Le Premier ministre, Chef du gouvernement, Rimtalba Jean Emmanuel Ouédraogo, a présidé ce lundi 14 septembre 2026 à Ouagadougou la session ordinaire du Conseil national de la modernisation de l’Administration et de la bonne gouvernance (CN-MABG), rapporte la Direction de la communication et des relations publiques de la Primature (DCRP/Primature). Cette instance a permis de dresser le bilan des performances de l’Administration publique burkinabè pour l’année 2025 et de tracer les orientations pour 2027.
Devant les participants, le Chef du gouvernement a d’emblée situé les enjeux au-delà de la seule technique administrative, affirmant que la modernisation de l’Administration relève d’un impératif de souveraineté et d’efficacité de l’action publique, et non d’une simple opération de dématérialisation des procédures. Il a appelé à un changement profond des méthodes de travail et du rapport entre l’Administration et les citoyens, avec l’ambition de bâtir un appareil d’État discipliné, intègre et redevable.
Sur le plan des résultats, la performance globale de l’Administration publique s’est établie à 85,38 % au titre de 2025, un score jugé encourageant par le Premier ministre, qui a néanmoins mis en garde contre toute autosatisfaction, rappelant que la performance administrative doit se traduire par des améliorations tangibles dans le quotidien des populations.
Les travaux ont également permis d’identifier plusieurs insuffisances persistantes : une couverture encore incomplète de l’évaluation de certaines institutions, une appropriation insuffisante des outils de gouvernance, des contraintes en matière de ressources humaines et d’infrastructures, des difficultés touchant les systèmes d’information, ainsi que des interrogations sur l’authenticité de certains documents produits dans le cadre de la commande publique. L’appropriation, par les citoyens eux-mêmes, des plateformes de services numériques a été identifiée comme un défi à part entière, le Premier ministre plaidant pour une transformation numérique inclusive qui n’exclue personne et pour une intégration progressive des langues nationales dans les systèmes d’information publics.

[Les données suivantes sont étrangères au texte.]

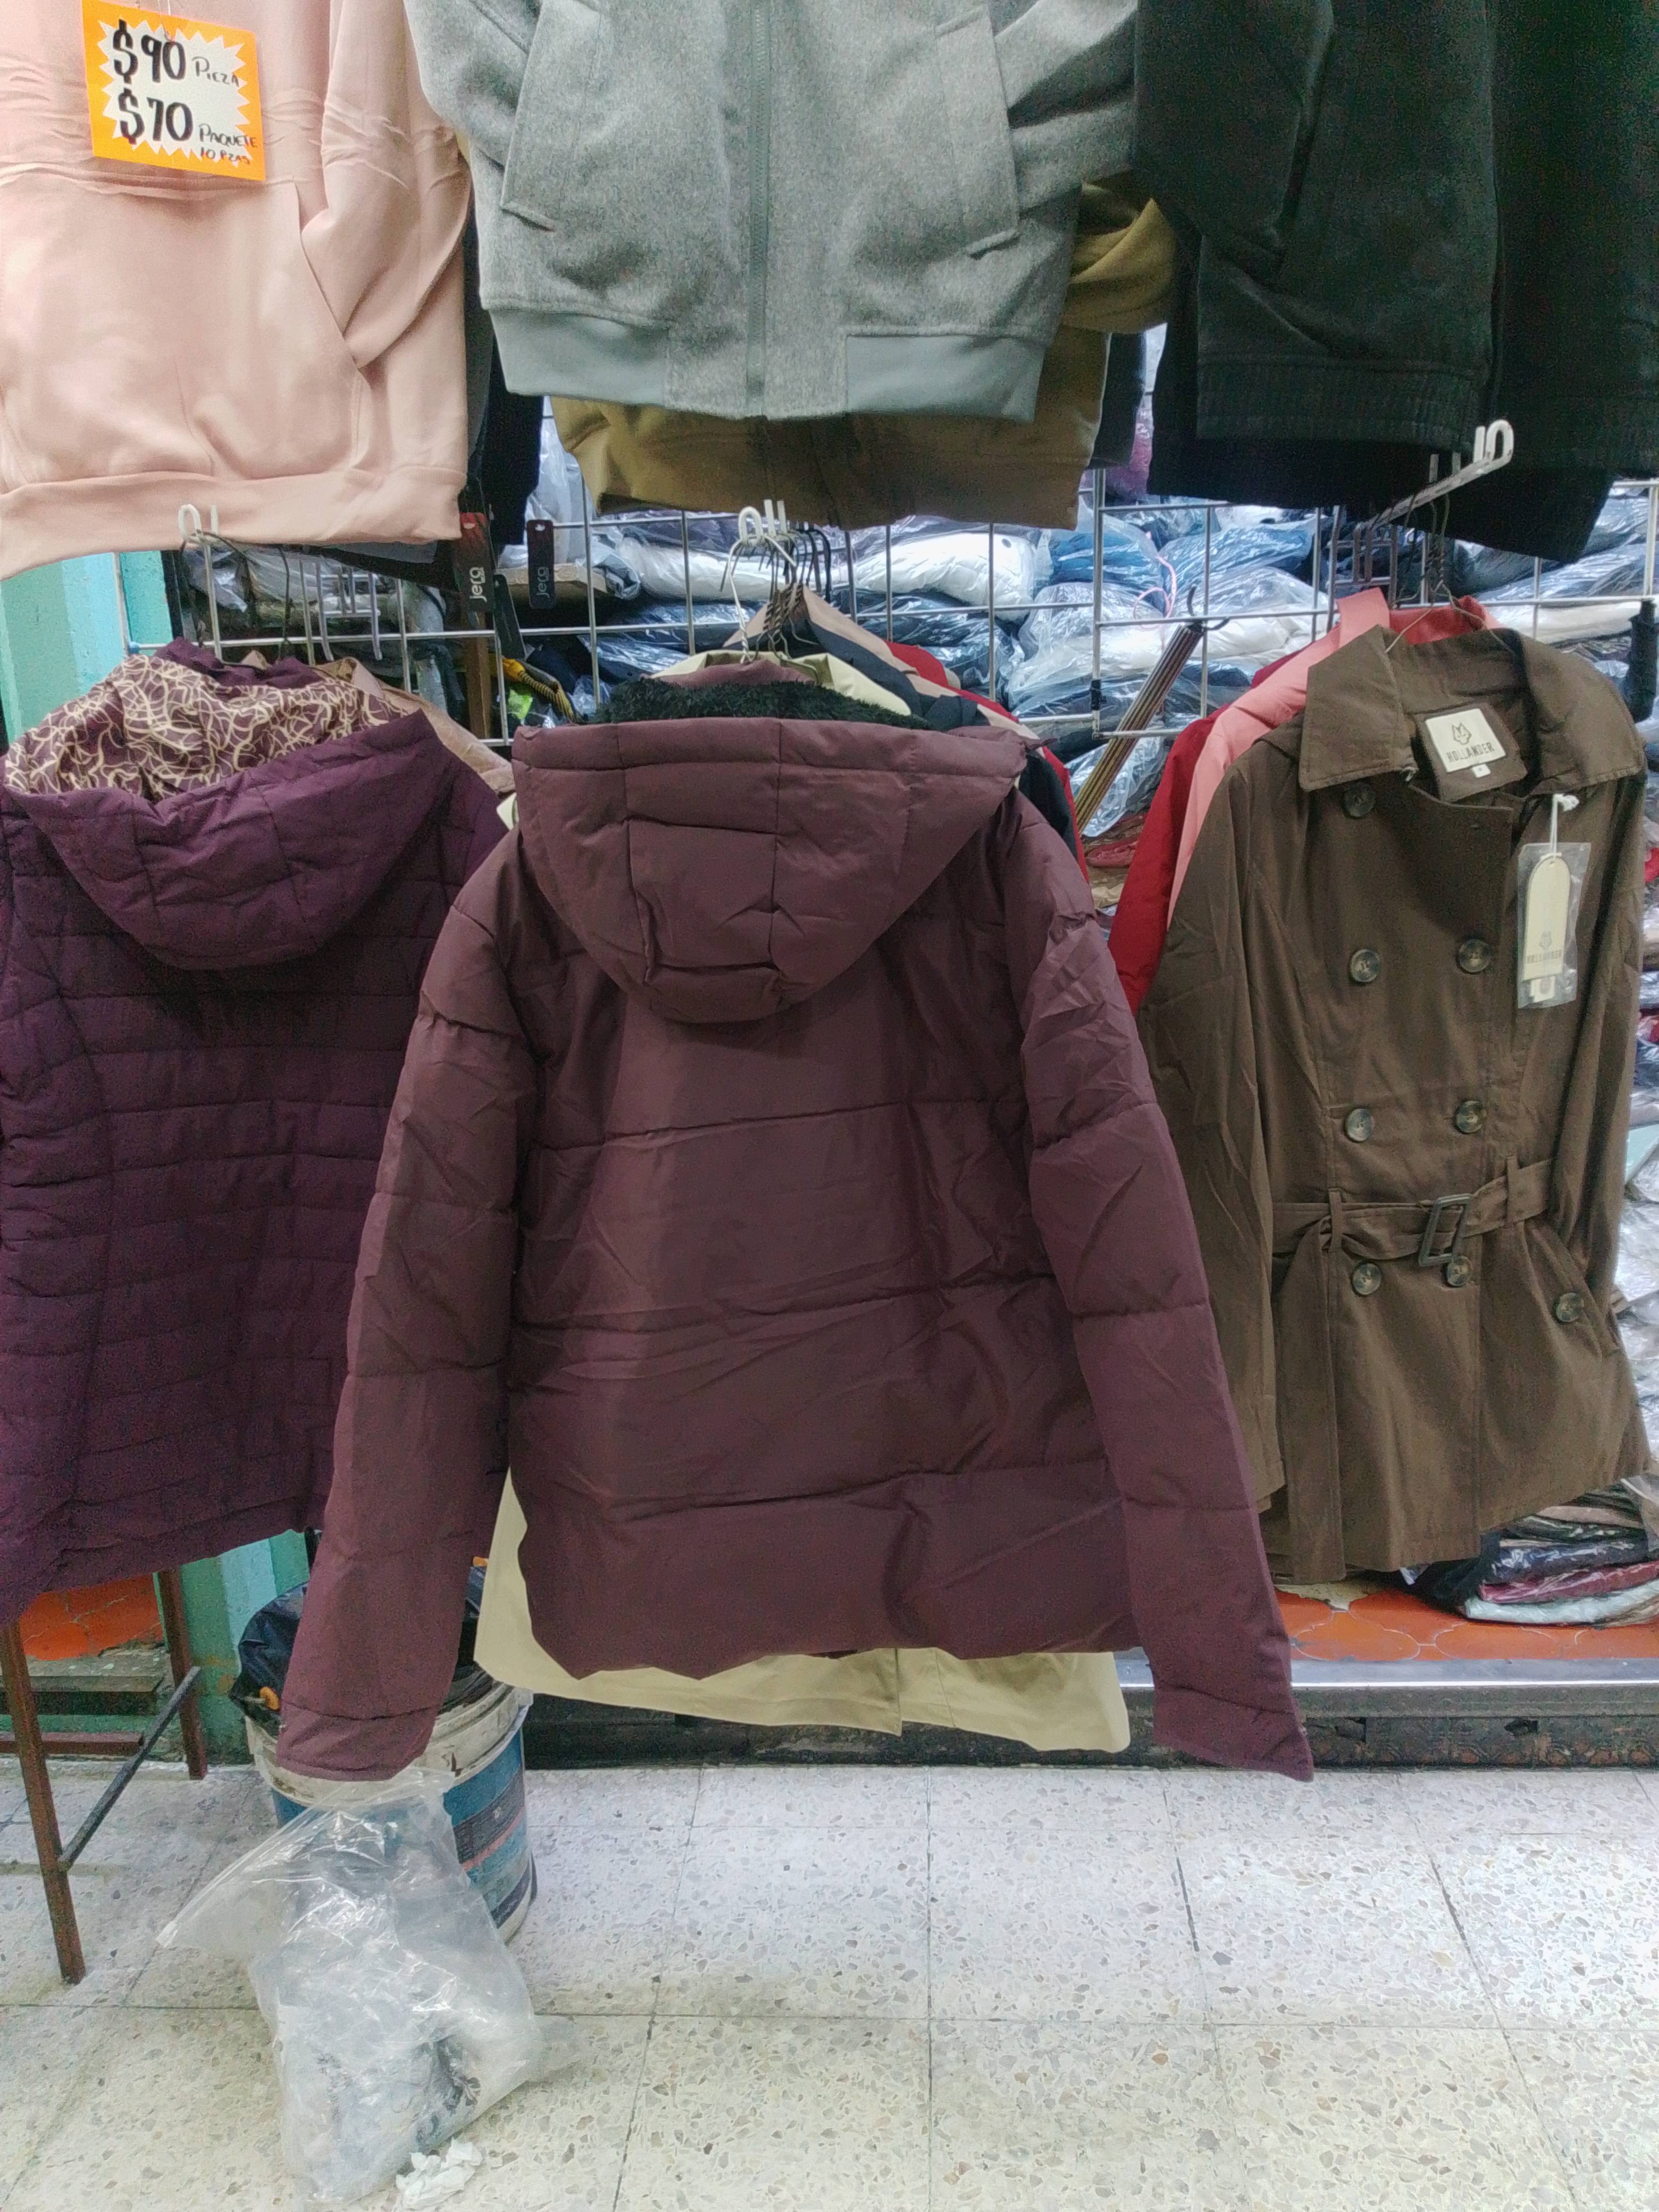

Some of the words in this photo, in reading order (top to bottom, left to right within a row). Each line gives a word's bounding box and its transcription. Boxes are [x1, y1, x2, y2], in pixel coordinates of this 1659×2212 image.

Trois documents de référence ont structuré les échanges : le rapport annuel de mise en œuvre de la Stratégie nationale de modernisation de l’Administration publique, le rapport sur l’état de la gouvernance au Burkina Faso, et le rapport global sur la performance des structures administratives, tous relatifs à l’exercice 2025, complétés par l’évaluation des stratégies nationales de déconcentration administrative et de promotion de la bonne gouvernance.
Fait notable, les orientations retenues pour 2027 lient explicitement la réforme administrative à la reconquête du territoire national, dans un contexte sécuritaire toujours marqué par la présence de groupes armés dans certaines zones. Le Chef du gouvernement a demandé que l’Administration soit en mesure de rétablir durablement la présence de l’État dans les zones reconquises par les forces combattantes, à travers le redéploiement de services essentiels comme l’éducation, la santé, l’état civil, la justice, l’action sociale et l’administration territoriale.
En clôture, le camarade Rimtalba Jean Emmanuel Ouédraogo a invité chaque ministère et chaque agent public à s’inscrire dans cette dynamique de refondation au nom de l’intérêt général, et a chargé le ministère des Serviteurs du Peuple, via le Secrétariat permanent de la modernisation de l’Administration et de la bonne gouvernance, d’assurer le suivi rigoureux de la mise en œuvre des conclusions de la session.